Dalit Movements



  • The term Dalit was first used by Jyotirao Phule for the oppressed classes or untouchable castes of the Hindu.
  • The Dalit movement began as a protest movement, to bring socio-political transformation in the status of Dalits in India.
  • The Dalits were isolated, fragmented and oppressed by the hegemony of Upper Caste culture.
  • With Maturity of time, the new polity, the postmodern administrative framework, the rational judicial system, the current forms of land tenure and taxation, the new patterns of trade, the liberal education system, and the network of communications emphasized the spirit of liberty, equality and social justice for Dalits.
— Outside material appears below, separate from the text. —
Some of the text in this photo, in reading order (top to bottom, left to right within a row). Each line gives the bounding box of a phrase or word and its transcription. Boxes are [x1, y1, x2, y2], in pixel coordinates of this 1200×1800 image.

  • So, Dalit movement is basically a social revolution aimed for social change, replacing the age old hierarchical Indian society, and is based on the democratic ideals of liberty, equality and social justice.


Dalit Movements in Pre-Independence India

  • Bhakti Movement
    • This movement in 15th century was a popular movement which treated all sections of society equally and it developed two traditions of Saguna and Nirguna.
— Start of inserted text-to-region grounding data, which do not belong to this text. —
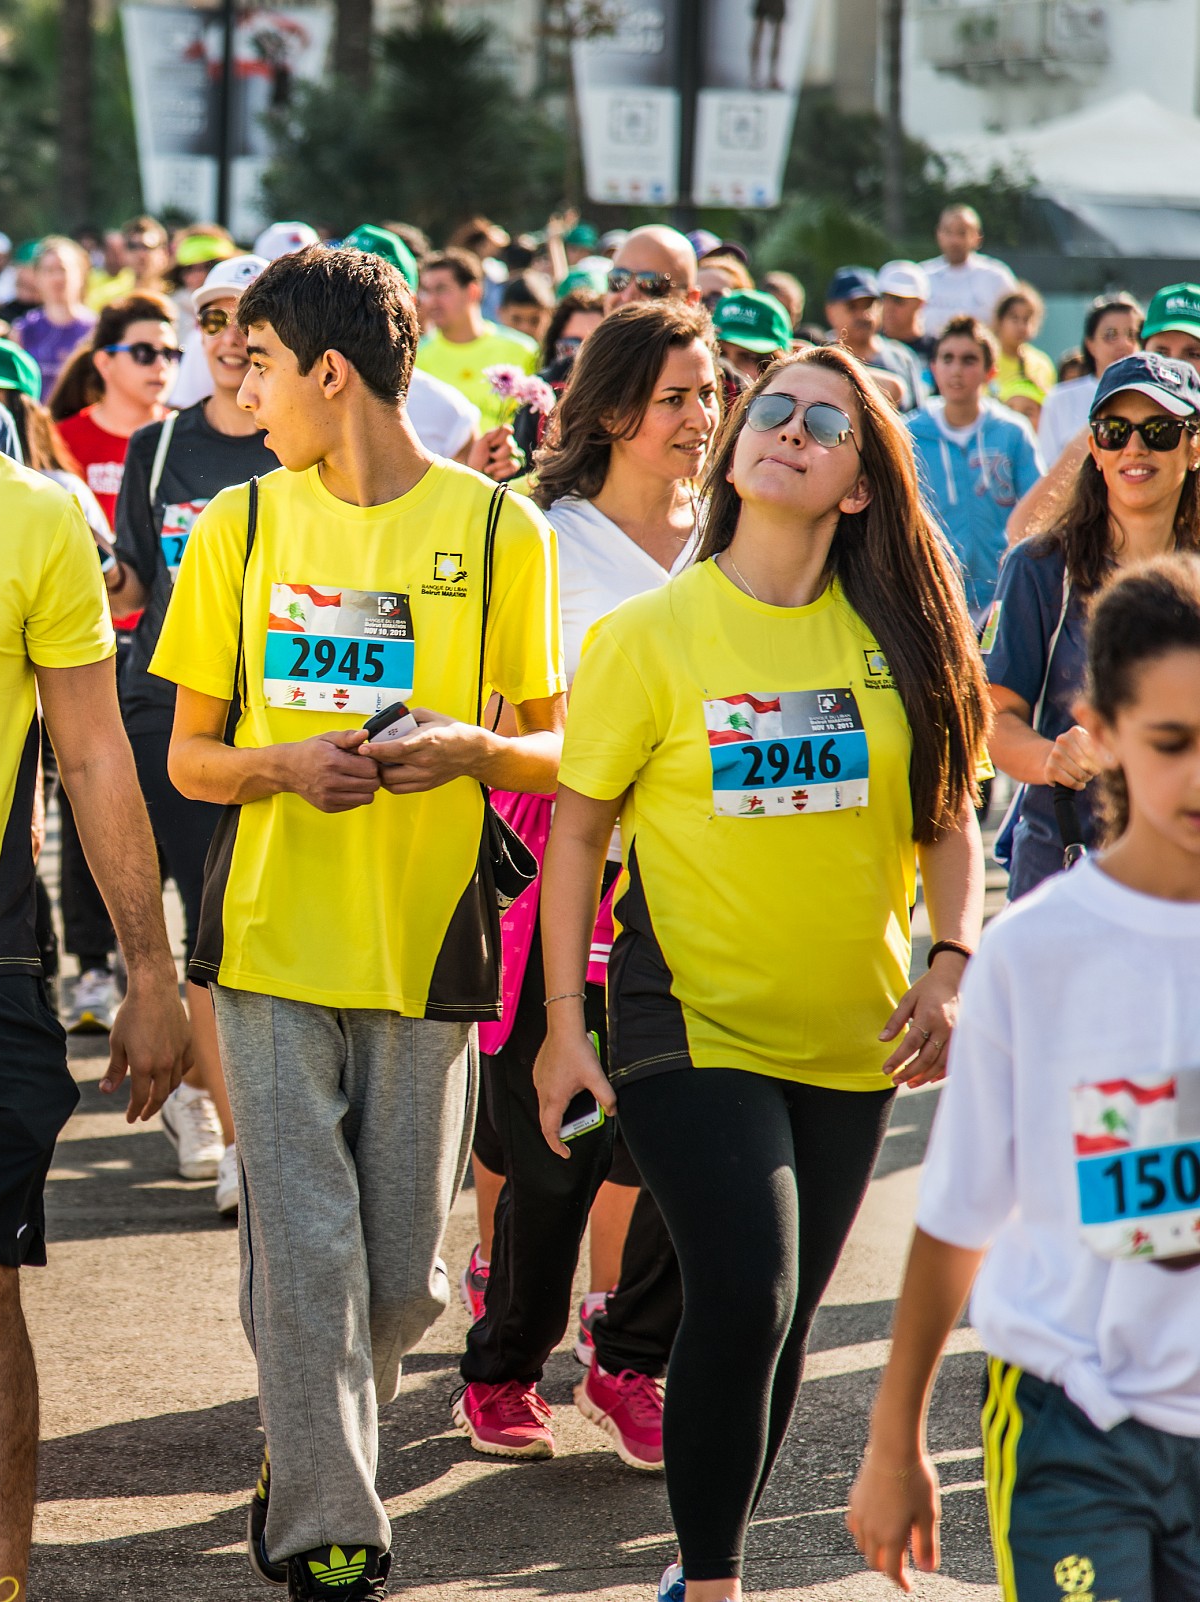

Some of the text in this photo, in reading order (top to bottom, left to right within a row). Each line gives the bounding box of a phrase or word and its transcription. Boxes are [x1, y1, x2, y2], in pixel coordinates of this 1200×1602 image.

[363, 627, 378, 635] NOV
[390, 629, 407, 637] 2013
[288, 637, 385, 682] 2945
[837, 722, 854, 730] 2013
[741, 738, 841, 786] 2946
    • The Saguna tradition advocated equality among all the castes though it subscribed to the Varnashram dharma and the caste social order.
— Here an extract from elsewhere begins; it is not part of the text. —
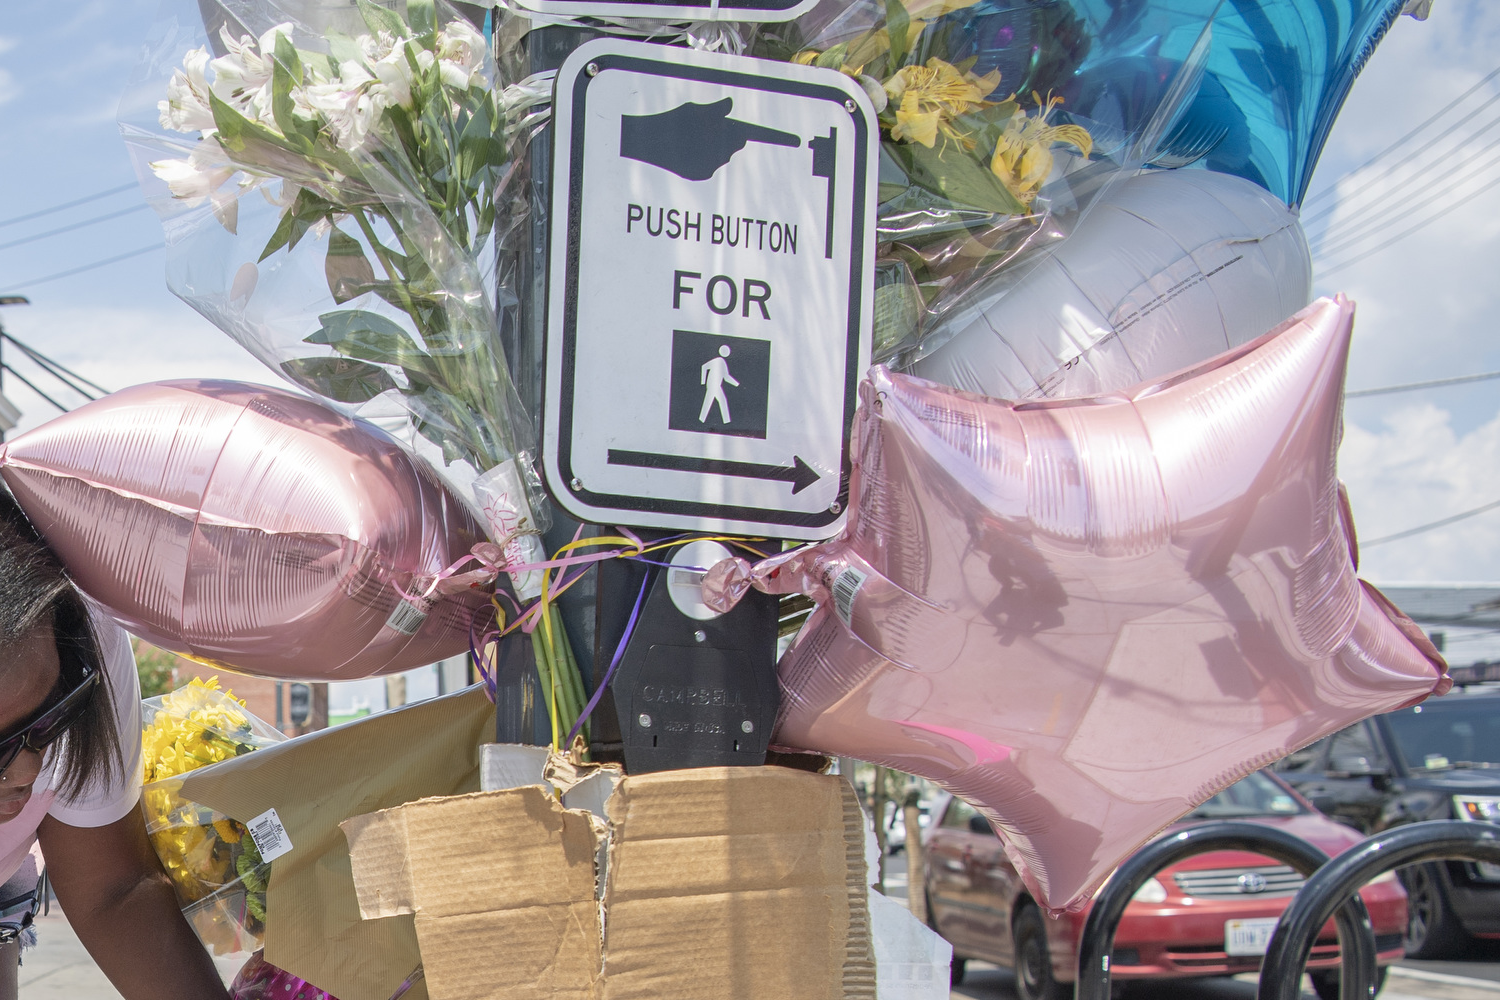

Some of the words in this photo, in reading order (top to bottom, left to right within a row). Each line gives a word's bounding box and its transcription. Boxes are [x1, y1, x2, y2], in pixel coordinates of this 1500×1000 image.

[627, 203, 701, 242] PUSH
[711, 213, 798, 255] BUTTON
[672, 269, 772, 320] FOR
[643, 685, 747, 708] CAMPBELL
    • The followers of Nirguna believed in formless universal God. Ravidas and Kabir were the major figures of this tradition.
    • It became more popular among the dalits in urban area in the early 20th century as it provided the possibility of salvation for all.
    •    It also promised social equality.
    • Hence, the teachings of Bhakti movement inspired and motivated scheduled castes for the beginning of dalit movement.
    • These provided the means to protest against orthodox Hinduism for future generations of Dalits.
  • Neo-Vedantik Movements
  • These movements were initiated by Hindu religious and social reformers.
  • These movements attempted to remove untouchability by taking the dalits into the fold of the caste system.
  • According to the pioneers of these movements, untouchability was not an essential part of Hinduism and, for that matter, of the caste system.
  • Dayanand Saraswati, the founder of the Arya Samaj, believed that the caste system was a political institution created by the rulers ‘for the common good of society, and not a natural or religious distinction’.
  • The neo-Vedantic movements and non-Brahmin movements played an important catalytic role in developing anti-caste or anti Hinduism dalit movements in some parts of the country.
  • The Satyashodhak Samaj and the self-respect movements in Maharashtra and Tamil Nadu, the Adhi Dharma and Adi Andhra movement in Bengal and Adi-Hindu movement in Uttar Pradesh are important anti-untouchability movements which were launched in the last quarter of the 19th and the early part of 20th century
  • Consequently, the Dalits began to call themselves Adi-Andhras in Andhra, Adi- Karnatakas in Karnataka, Adi-Dravidas in Tamil Nadu, Adi-Hindus in Uttar Pradesh and Adi-Dharmis in Punjab.
  • Further, Dalits also followed the route of conversion with a purpose of getting rid of untouchability and to develop their social and financial conditions.
  • Other prominent movements in this category include:
    • Adi Dravidas movement in Tamil Nadu
    • Shri Narayan Dharma Paripalan movement in Kerala
    • Nair Movement in 1861
 Sanskritisation Movement
  • Sanskritization is  a process by which “a low or middle Hindu caste, or tribal or other group, changes its customs, ritual ideology, and way of life in the direction of a high-born caste
  • In this perspective Dalit leaders followed the process of ’Sanskritization’ to elevate themselves to the higher position in caste hierarchy.
  • They adopted Upper Caste manners, including vegetarianism, putting sandalwood paste on forehead, wearing sacred thread, etc.
  • This process was evident in the following movements:
    • Adi-Dharm movement in the Punjab (organized 1926);
    • The movement under Ambedkar in Maharastra, mainly based among Mahars which had its organizational beginnings in 1924;
    • The Namashudra movement in Bengal;
    • The Adi-Dravida movement in Tamilnadu;
    • The Adi-Karnataka movement;
    • The AdiHindu movement mainly centered around Kanpur in U.P; and
    • The organizing of the Pulayas and Cherumans in Kerala.
 Dalit Literary Movements
  •  At a time, when there was no means of communication to support the Dalits, pen was the only solution.
  • Given the Upper Castes would never allow the Dalits voice to be expressed, as it would be a threat for their own survival, the Dalits began their own magazine and began to express their own experiences.
  • Dalit literature, the literature produced by the Dalit consciousness, emerged initially during the Mukti movement.
  • The Mukti movement was led by very poor Dalits who fought against the saint – poets of the time.
  • These literature argued that Dalit Movement fights not only against the Brahmins, but all those people whoever practices exploitation, and those can be the Brahmins or even the Dalits themselves.
  • New revolutionary songs, poems, stories, autobiographies were written by Dalit writers.
  • These were sung in every village, poem and other writings were read by the entire community.
  • Baburao Bagul (1930–2008) is considered as a pioneer of Marathi Dalit writings in Marathi.